What you should do: Every entry in the data that follows should come back exactly, pictures aside.

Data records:
---------------

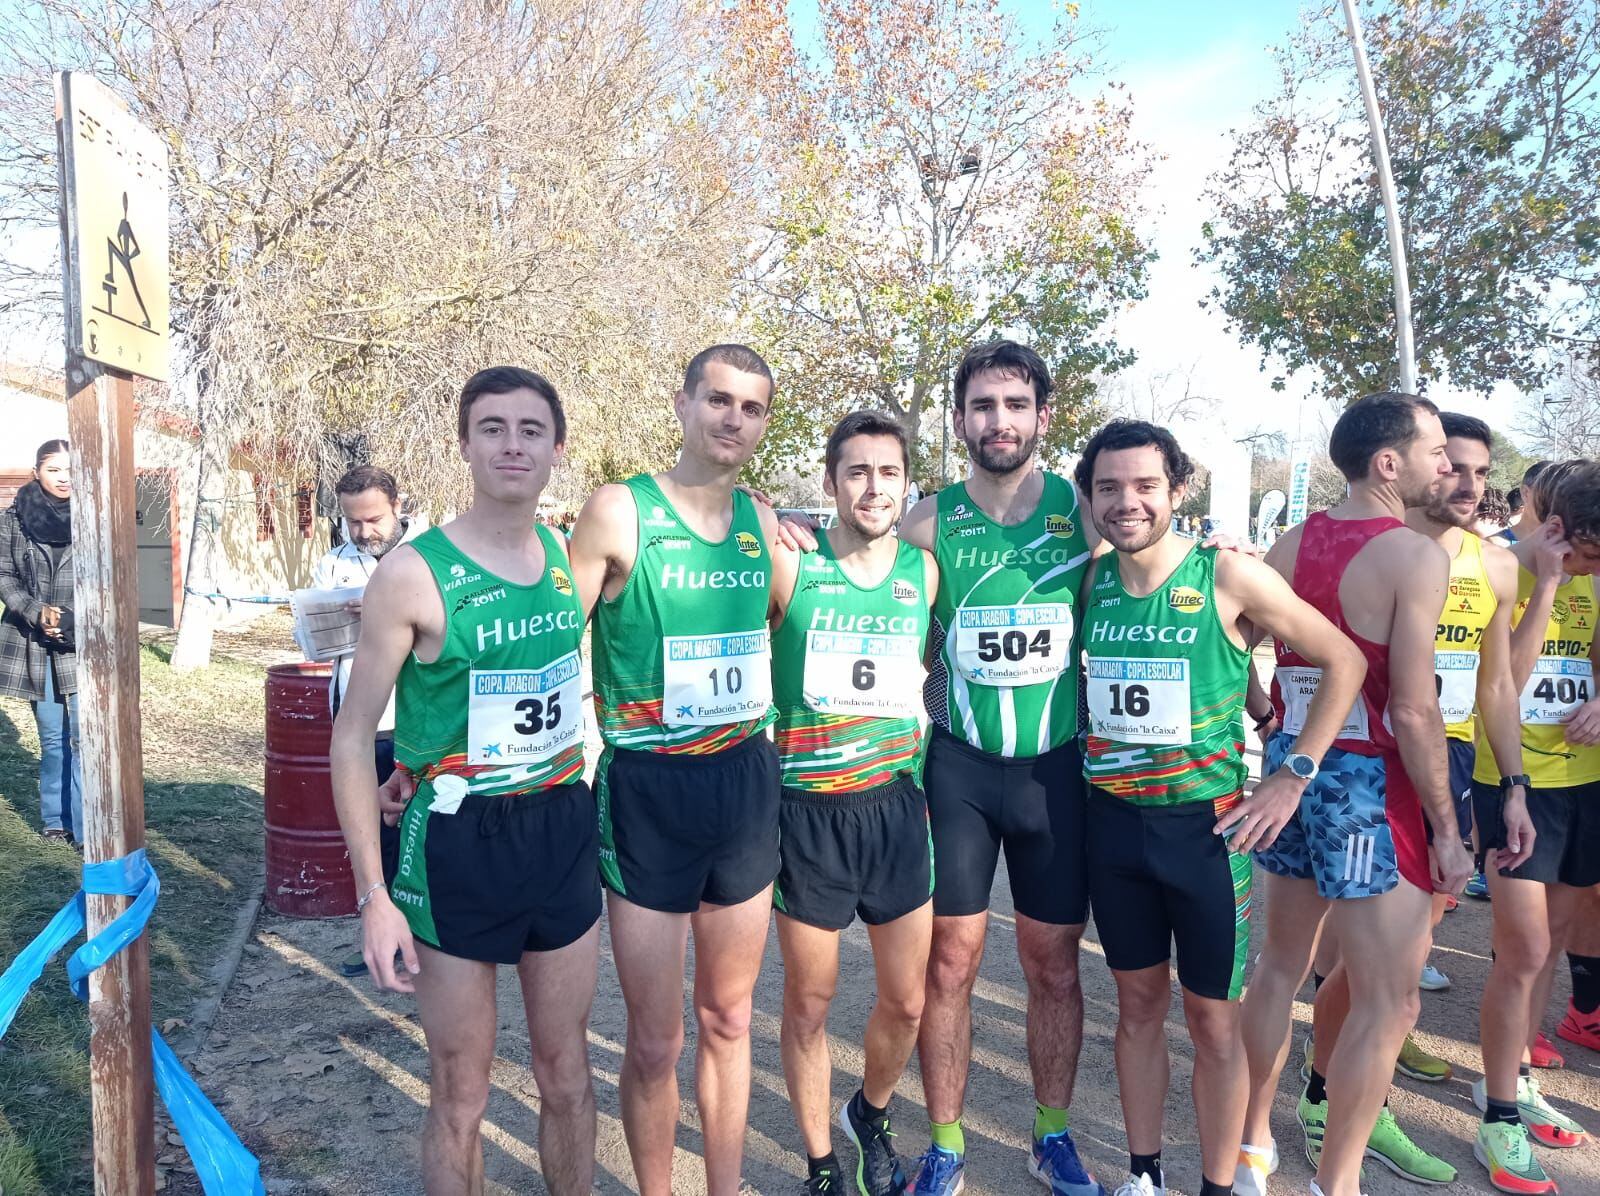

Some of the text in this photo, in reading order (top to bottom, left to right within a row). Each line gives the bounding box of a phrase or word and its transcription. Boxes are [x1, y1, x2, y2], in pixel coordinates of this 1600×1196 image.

[946, 512, 974, 522] VIATOR
[960, 526, 986, 537] ZOITI
[955, 547, 1068, 569] Huesca
[444, 574, 482, 592] VIATOR
[661, 563, 765, 590] Huesca
[472, 588, 507, 607] ZOITI
[810, 607, 918, 633] Huesca
[962, 611, 980, 627] COPA
[981, 609, 1010, 627] ARAGON
[1016, 608, 1035, 625] COPA
[476, 610, 580, 653] Huesca
[1091, 620, 1198, 644] Huesca
[1435, 624, 1483, 645] PIO-7
[672, 640, 694, 660] COPA
[727, 636, 745, 656] COPA
[978, 629, 1052, 662] 504
[709, 666, 742, 697] 10
[852, 659, 876, 691] 6
[1127, 662, 1147, 679] COPA
[1148, 663, 1182, 680] ESCOLAR
[479, 674, 503, 693] COPA
[504, 674, 541, 692] ARAGON
[1533, 677, 1589, 704] 404
[1109, 683, 1150, 717] 16
[514, 691, 561, 736] 35
[1151, 725, 1179, 735] Caixa"
[401, 808, 422, 877] Huesca
[393, 888, 423, 907] ZOITI

---------------

Response area:
Some of the text in this photo, in reading order (top to bottom, left to right within a row). Each line gives the bounding box of a phrase or word and its transcription. Boxes are [x1, y1, x2, y2], in pixel coordinates of this 1600×1196 image.

[946, 512, 974, 522] VIATOR
[960, 526, 986, 537] ZOITI
[955, 547, 1068, 569] Huesca
[444, 574, 482, 592] VIATOR
[661, 563, 765, 590] Huesca
[472, 588, 507, 607] ZOITI
[810, 607, 918, 633] Huesca
[962, 611, 980, 627] COPA
[981, 609, 1010, 627] ARAGON
[1016, 608, 1035, 625] COPA
[476, 610, 580, 653] Huesca
[1091, 620, 1198, 644] Huesca
[1435, 624, 1483, 645] PIO-7
[672, 640, 694, 660] COPA
[727, 636, 745, 656] COPA
[978, 629, 1052, 662] 504
[709, 666, 742, 697] 10
[852, 659, 876, 691] 6
[1127, 662, 1147, 679] COPA
[1148, 663, 1182, 680] ESCOLAR
[479, 674, 503, 693] COPA
[504, 674, 541, 692] ARAGON
[1533, 677, 1589, 704] 404
[1109, 683, 1150, 717] 16
[514, 691, 561, 736] 35
[1151, 725, 1179, 735] Caixa"
[401, 808, 422, 877] Huesca
[393, 888, 423, 907] ZOITI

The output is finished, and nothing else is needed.